Uruguayan singer and songwriter (born 1994)

Camila Rajchman Goldfarb (born 26 November 1994) is an Uruguayan singer, songwriter and television personality. She is best known for being the vocalist of the cumbia-pop band Rombai from 2014 to 2016.

== Life and career ==

=== 1994–2013: Early life and education ===
Camila Rajchman was born in Montevideo on November 26, 1994, into a Jewish family. She is the youngest of four daughters of entrepreneur José Rachman and schoolteacher Gabriela Goldfarb. She is also the granddaughter of Chil Rajchman, a Polish Holocaust survivor who settled in Uruguay after World War II.

She completed her primary and secondary education at Woodlands School, a private school in the Carrasco neighborhood, and later attended Escuela Integral, a Jewish institution, for her high school education. After graduating, she enrolled at Universidad ORT Uruguay where she studied for a degree in communication and audiovisual technology.

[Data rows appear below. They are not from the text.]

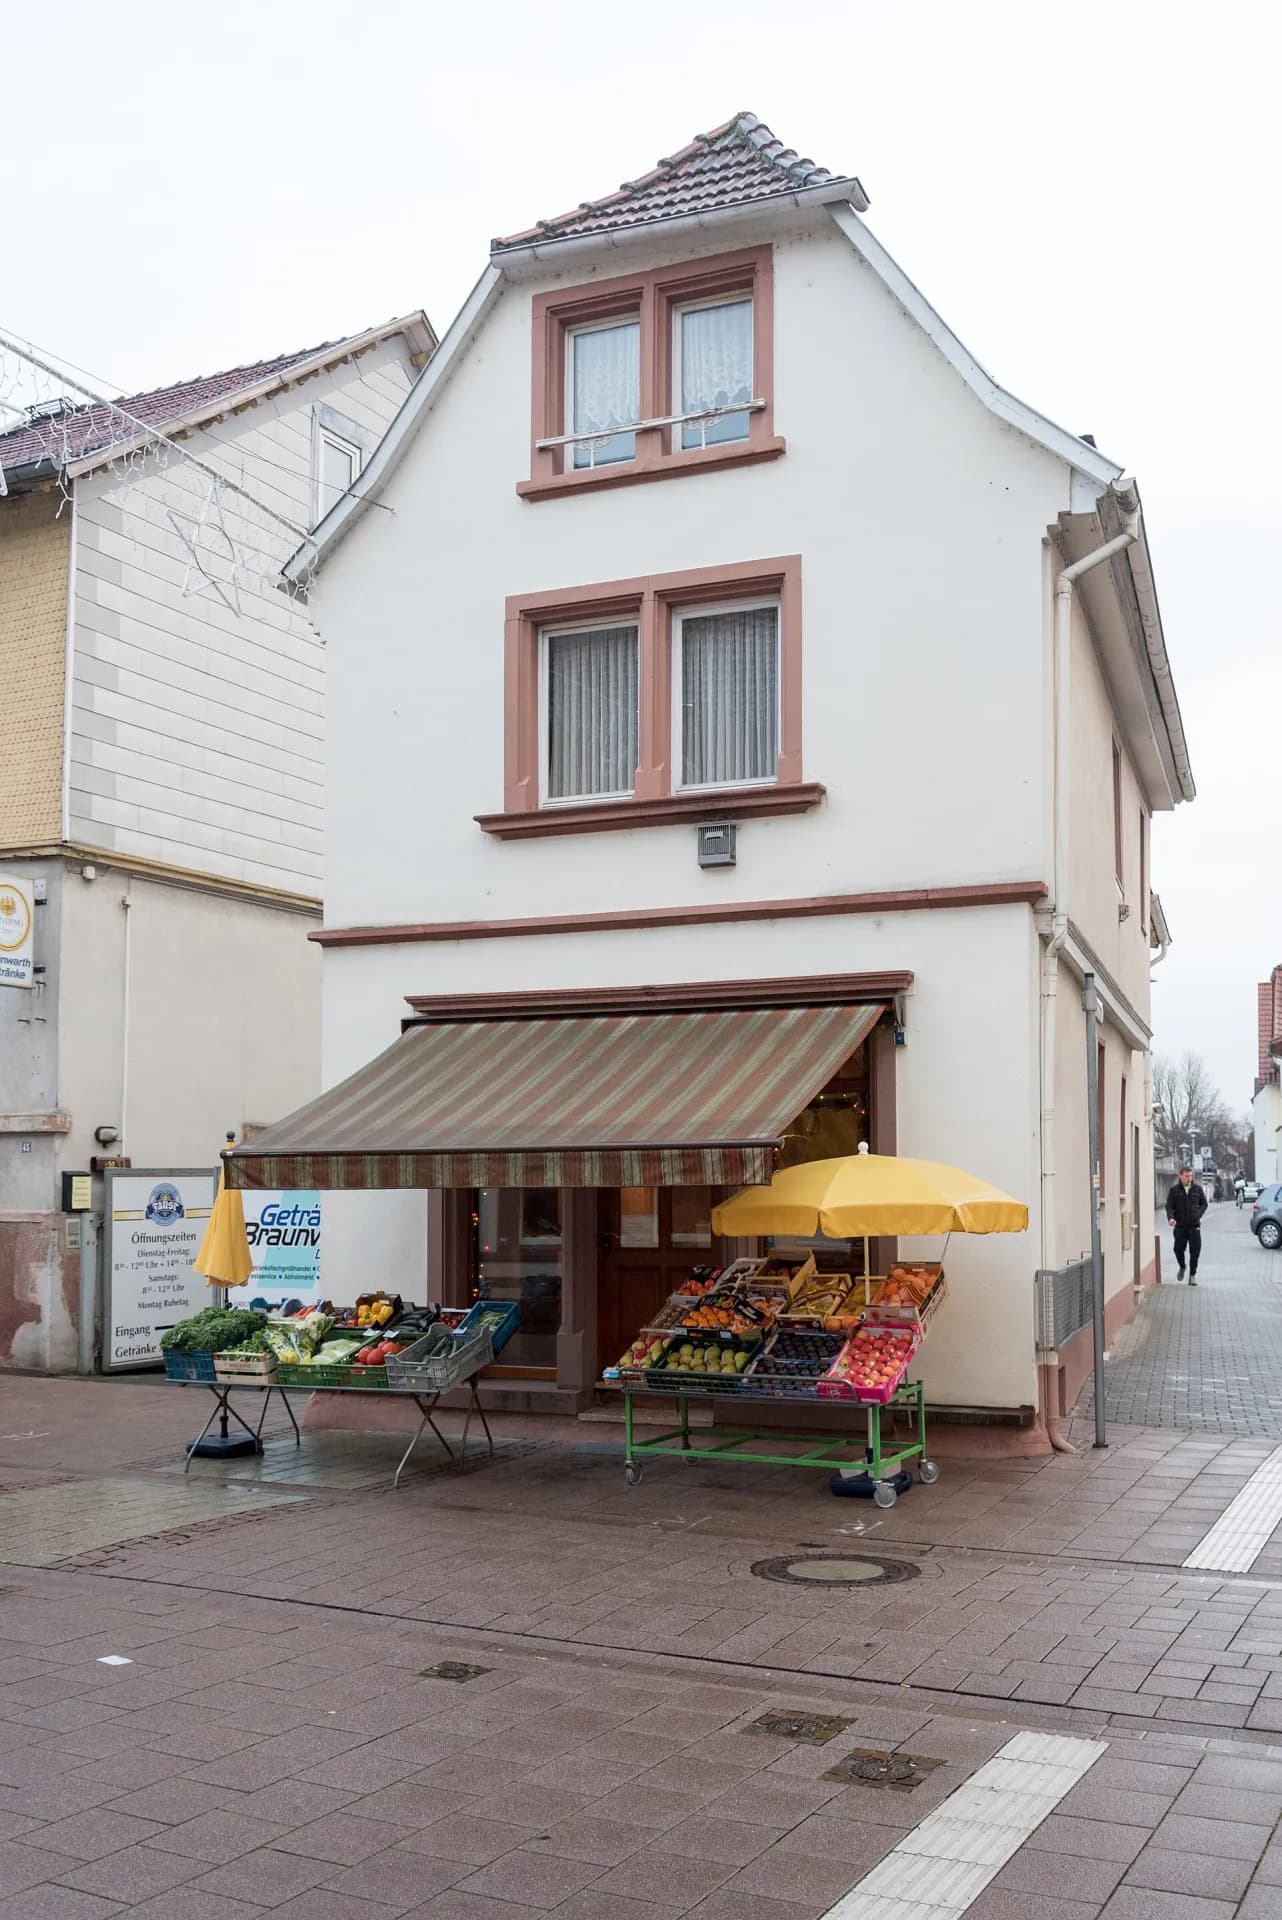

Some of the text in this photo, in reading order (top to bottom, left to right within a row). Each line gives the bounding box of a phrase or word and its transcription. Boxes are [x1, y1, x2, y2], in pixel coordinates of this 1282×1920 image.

[0, 956, 31, 968] nwarth
[131, 1232, 196, 1245] Öffnungszeiten
[146, 1261, 158, 1269] Uhr
[173, 1283, 184, 1291] Uhr
[164, 1299, 188, 1307] Ruhetag
[115, 1326, 150, 1338] Eingang
[115, 1344, 156, 1357] Getränke
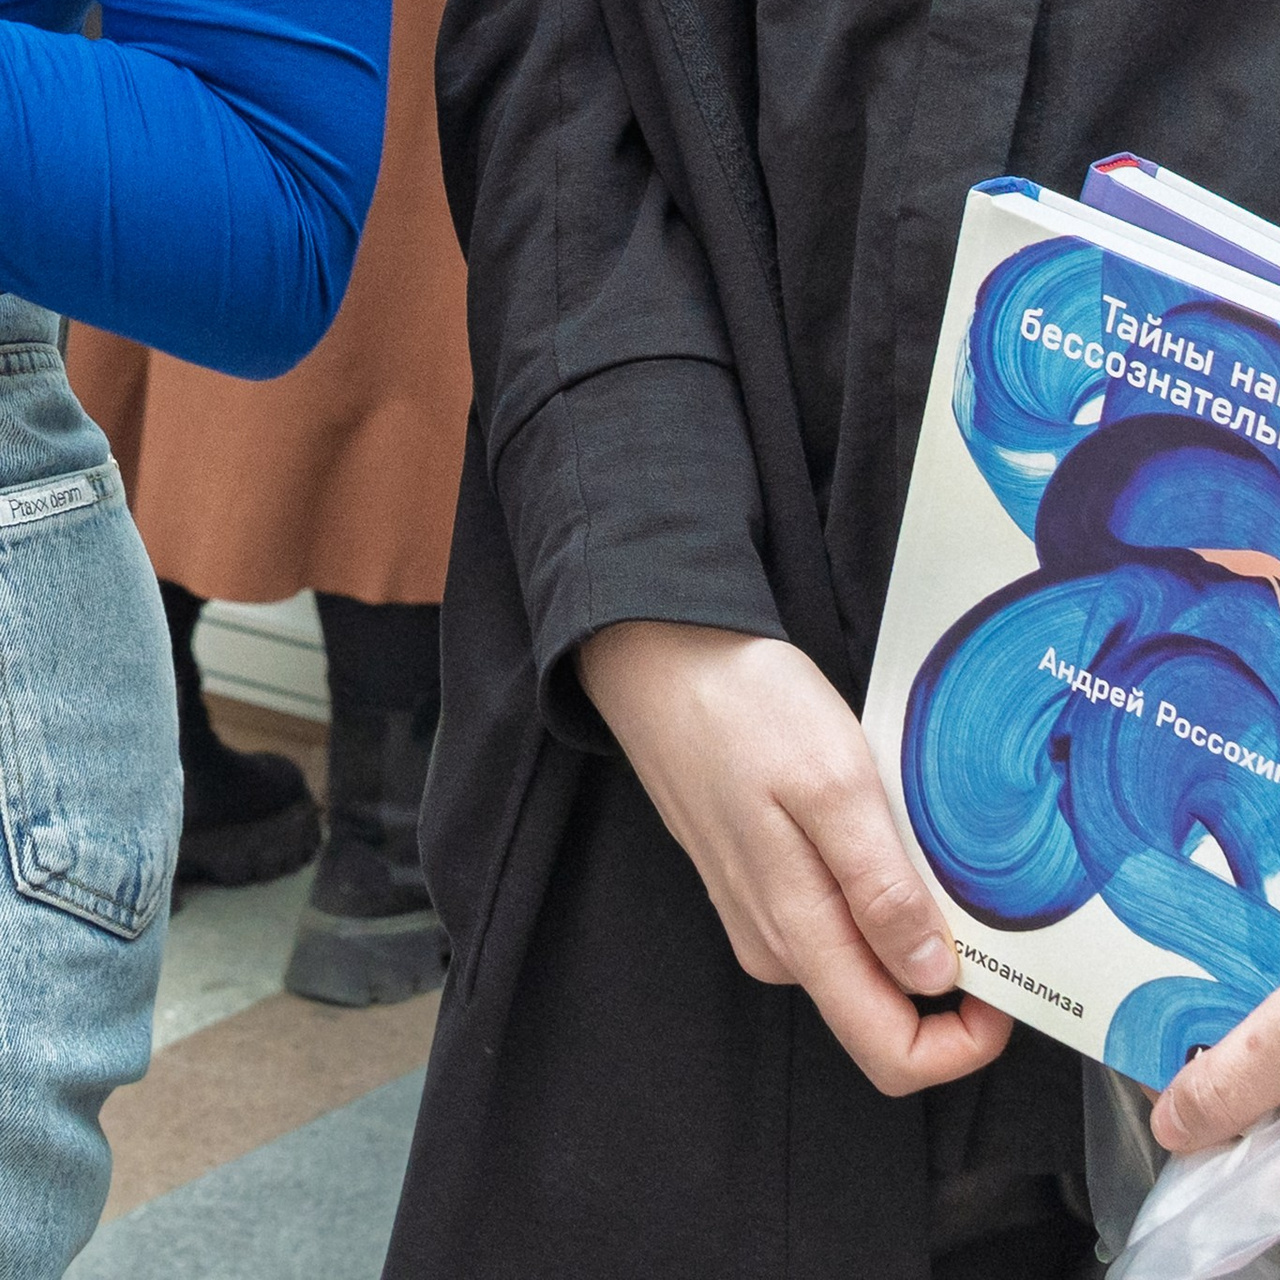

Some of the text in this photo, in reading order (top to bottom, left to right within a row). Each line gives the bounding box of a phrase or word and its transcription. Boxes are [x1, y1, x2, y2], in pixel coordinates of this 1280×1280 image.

[1102, 295, 1214, 376] Тайны
[1037, 646, 1144, 717] Андрей
[954, 939, 1084, 1019] сихоанализа
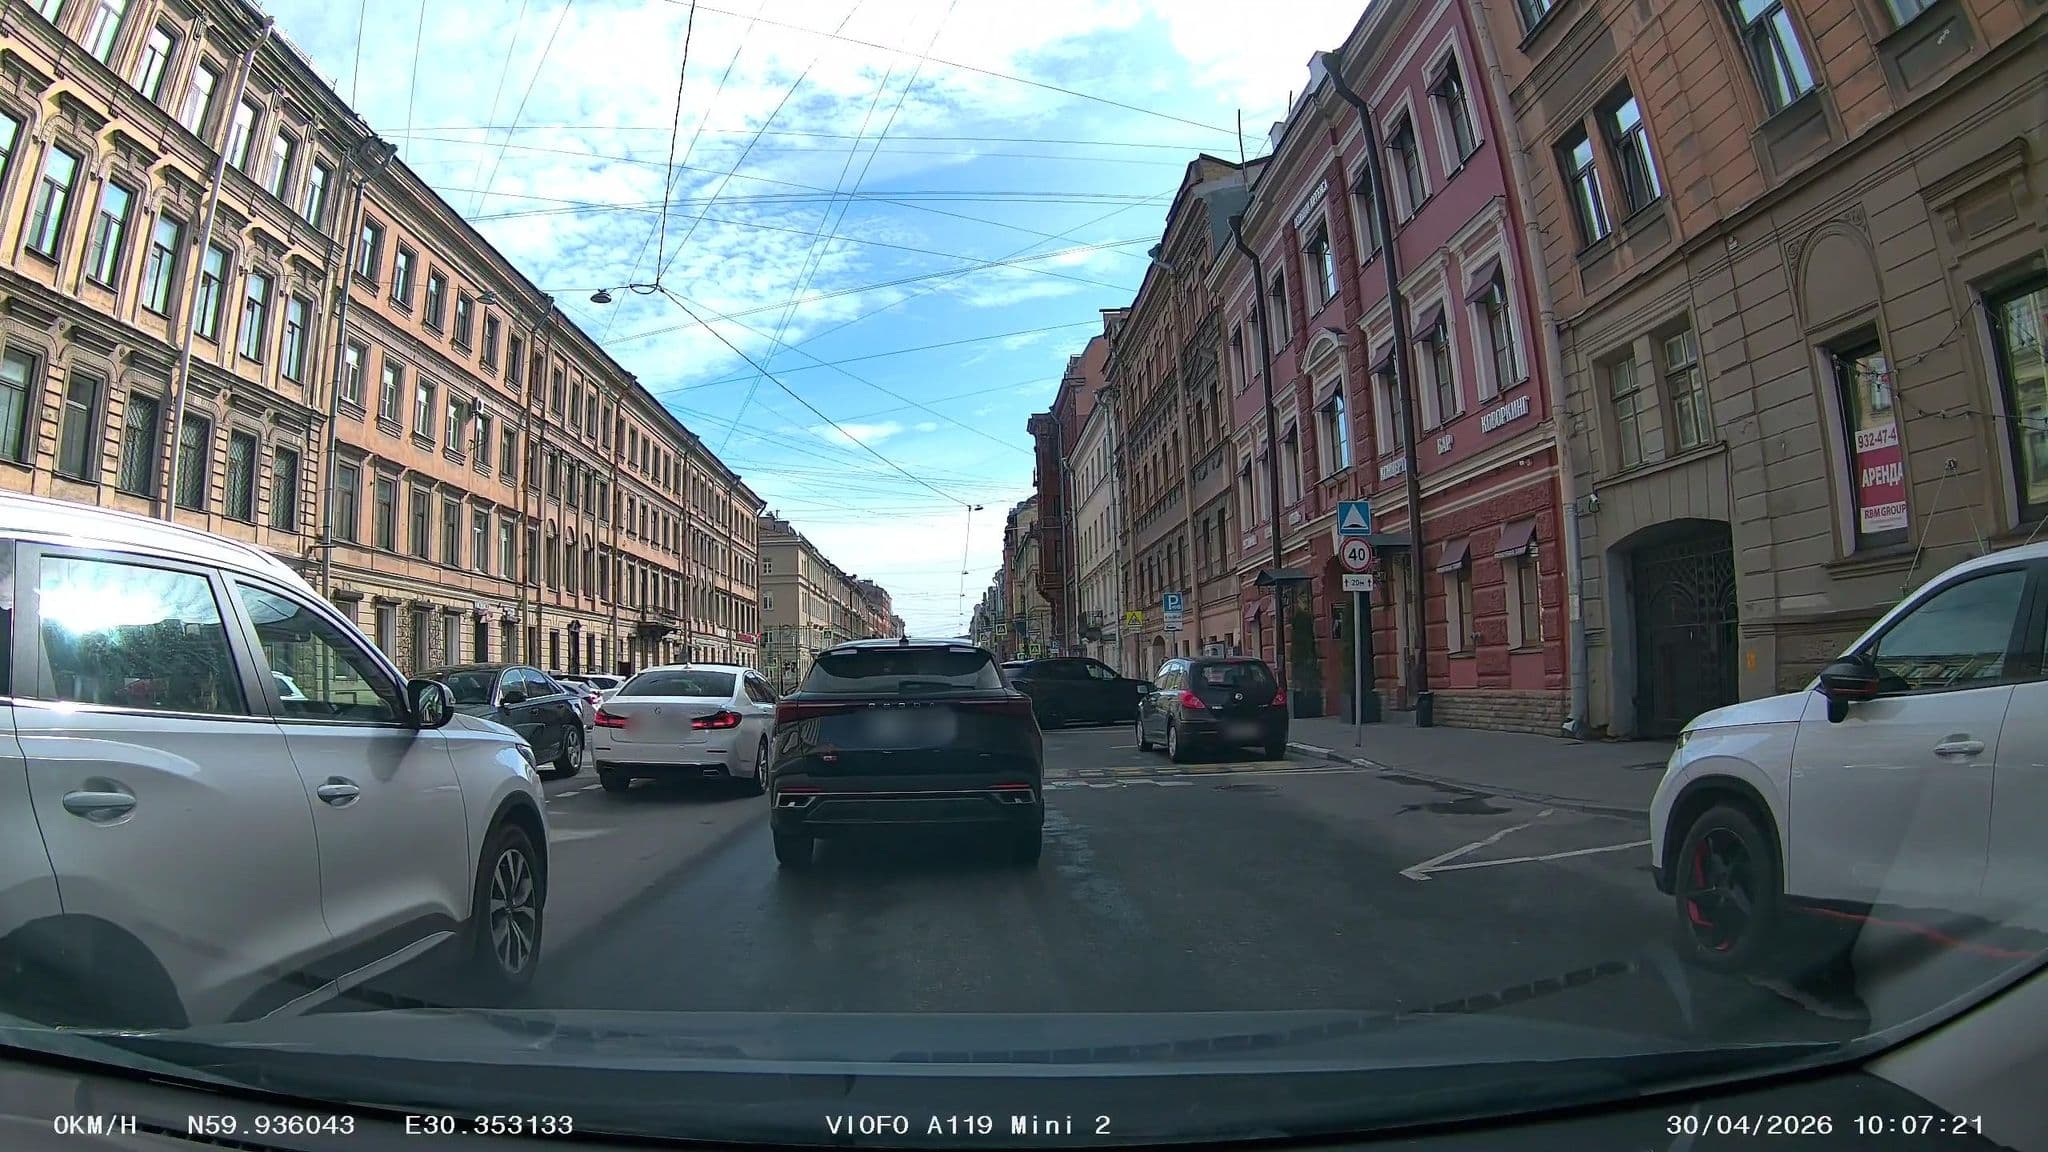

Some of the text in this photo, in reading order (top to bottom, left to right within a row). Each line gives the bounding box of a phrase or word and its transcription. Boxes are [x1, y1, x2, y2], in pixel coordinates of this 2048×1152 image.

[1481, 396, 1530, 433] КОВОРКИНГ
[1437, 434, 1452, 455] БАР
[1862, 462, 1904, 488] АРЕНДА
[1880, 503, 1907, 517] GROUP
[1348, 547, 1366, 561] 40

=== 2014–2015: Breakthrough with Rombai ===
While pursuing her university studies in late 2014, she formed the cumbia pop band Rombai with Fer Vázquez and some fellow students. Their debut single, “Locuras contigo,” quickly became a summer hit, amassing millions of views on YouTube and playing a key role in bringing the cumbia pop style into the mainstream of the Río de la Plata region.

Throughout 2015, the group released several chart-topping singles, toured across various Latin American countries, and appeared on numerous television programs and events, further boosting their popularity. They also performed joint concerts and had songs featuring fellow Uruguayan band Márama. In January 2016 the band released their first album De Fiesta.

In March 2016, Rajchman announced her departure from Rombai, and on April 29 of that year, she performed for the last time with the group at Luna Park in Buenos Aires. She was later replaced as vocalist by Argentine singer Emilia Mernes. In June 2016, months after her departure from the band, Marama - Rombai - El viaje was released, a tour film showcasing the joint tour of both bands.

=== 2016–2022: Departure from Rombai and television career ===
After her departure from Rombai in March 2016, she began a career in television. From May to August of that year, she served as a panelist on the Argentine reality television show Gran Hermano. Between January and March 2017, during the austral summer season, she appeared as a panelist on the Uruguayan morning show Desayunos informales, temporarily replacing Andy Vila. In October 2017, she formally joined the program as an on-location reporter. The following summer, she became a co-presenter of the travel program Súbete a mi moto in its summer edition, alongside Rafael Villanueva.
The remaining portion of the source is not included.